The Lord appears once again to Abraham a matter of perhaps three months later to emphasize the fact that Sarah is going to bear him a son, and that he is to call his name Isaac. Further, He tells Abraham that Sarah's youth is going to be restored so that she can bear children. Without getting into all the details, God tells Abraham that He is about to destroy Sodom and Gomorrah and the cities of the plain because of their extreme wickedness and sexual perversity. Abraham, emboldened by his ongoing relationship with God, argues with Him and gets Him to agree that if there are no more than ten righteous dwelling in Sodom He will not destroy the city.
With Lot's removal from Sodom, God rains down fire and brimstone from Heaven and literally wipes out the cities just as He promised. The smoke that fills the region from the burning cities is so great as to affect the country, so Abraham picks up his household and heads west toward Gerar, a Philistine city roughly ten miles from the coast of the Mediterranean.

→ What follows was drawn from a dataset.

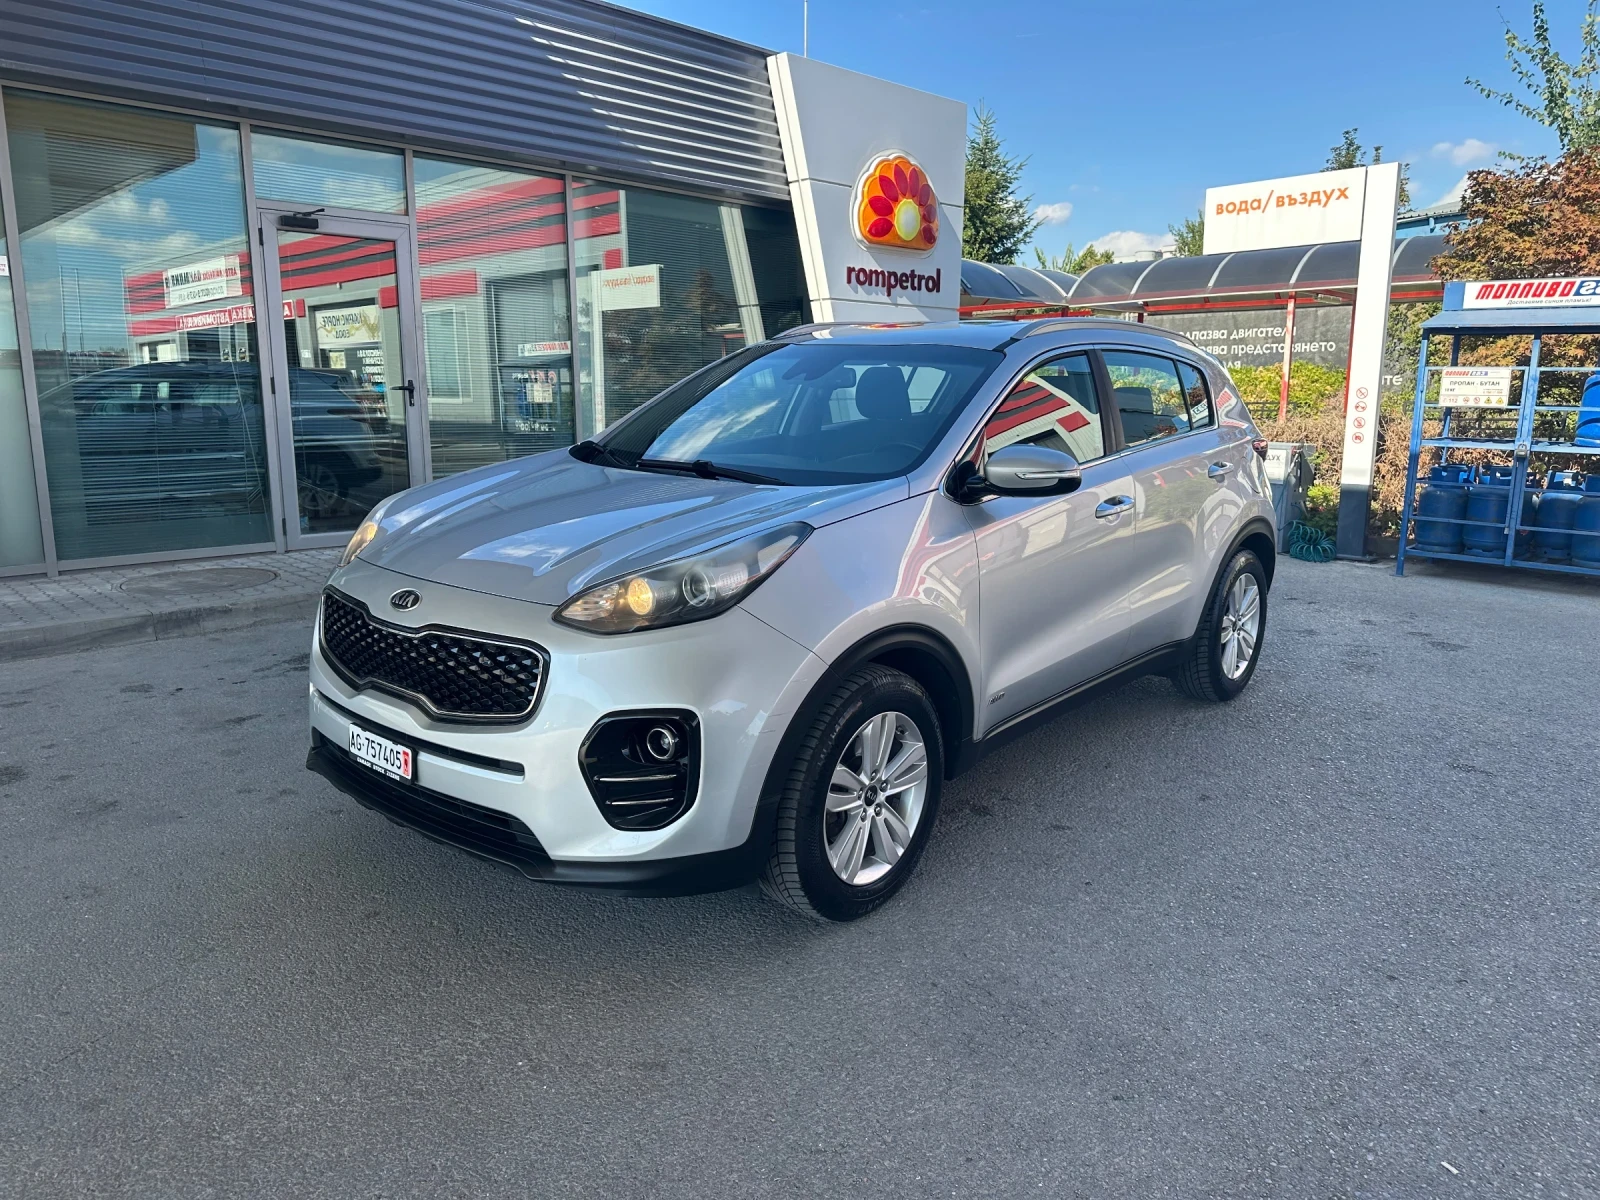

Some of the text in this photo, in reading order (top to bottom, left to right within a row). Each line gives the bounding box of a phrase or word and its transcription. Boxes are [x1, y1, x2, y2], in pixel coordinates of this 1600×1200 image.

Despite Sarah's pregnancy, the supernatural restoration of her youth brings back her stunning beauty. Abraham falls back into the trap of his earlier years and tells people that Sarah is his sister. Abimelech, the Philistine king, hears of Sarah's beauty (just as Pharaoh had some twenty-odd years earlier), sends for Sarah and takes her into his household with the intention of making her his wife! And Sarah is nearly ninety years old! That was never going to fly, and God warns Abimelech, "Hands off!"
I don't have time today to go into this, but when you consider that there were two attempts to take Sarah away from Abraham, it becomes very clear that Satan was making every effort to thwart God's plan for a chosen people in the earth. Were he to have succeeded, it would also have interfered with God's plan for the coming of the Messiah, the Redeemer, to redeem the human race from the curse brought upon mankind by Adam's sin.
Just as God promises, Sarah bears Isaac. The contention between Hagar and Sarah soon becomes so great that Abraham is forced to send Hagar and Ishmael away.
The years pass as Isaac grows into manhood. The Jewish Historian, Josephus, (Antiquities of the Jews) suggests that Isaac was now 25 years of age. The ancient book of Jasher states that he was 27 years of age, and other historians propose that Isaac was nearer 30. Whatever his actual age, Isaac was approaching the traditional point in his life (middle-eastern tradition puts it at 30 years of age) when he would be regarded a man and given all the rights of "sonship" as a mature heir to his father's holdings.
(Note: We see this picture of full "sonship" numerous times in Scripture: Joseph, age 30 when he becomes Prime Minister of Egypt; David, age 30 when he becomes King of Israel; and -- most notably -- Jesus, age 30 when He is baptized in the River Jordan and God the Father speaks from Heaven saying, "This is my beloved Son in whom I am well pleased.")
(The Hollywood-ized movies which show Isaac as being anywhere from 8 to 13 years of age at the time of Abraham's test are pure fantasy.)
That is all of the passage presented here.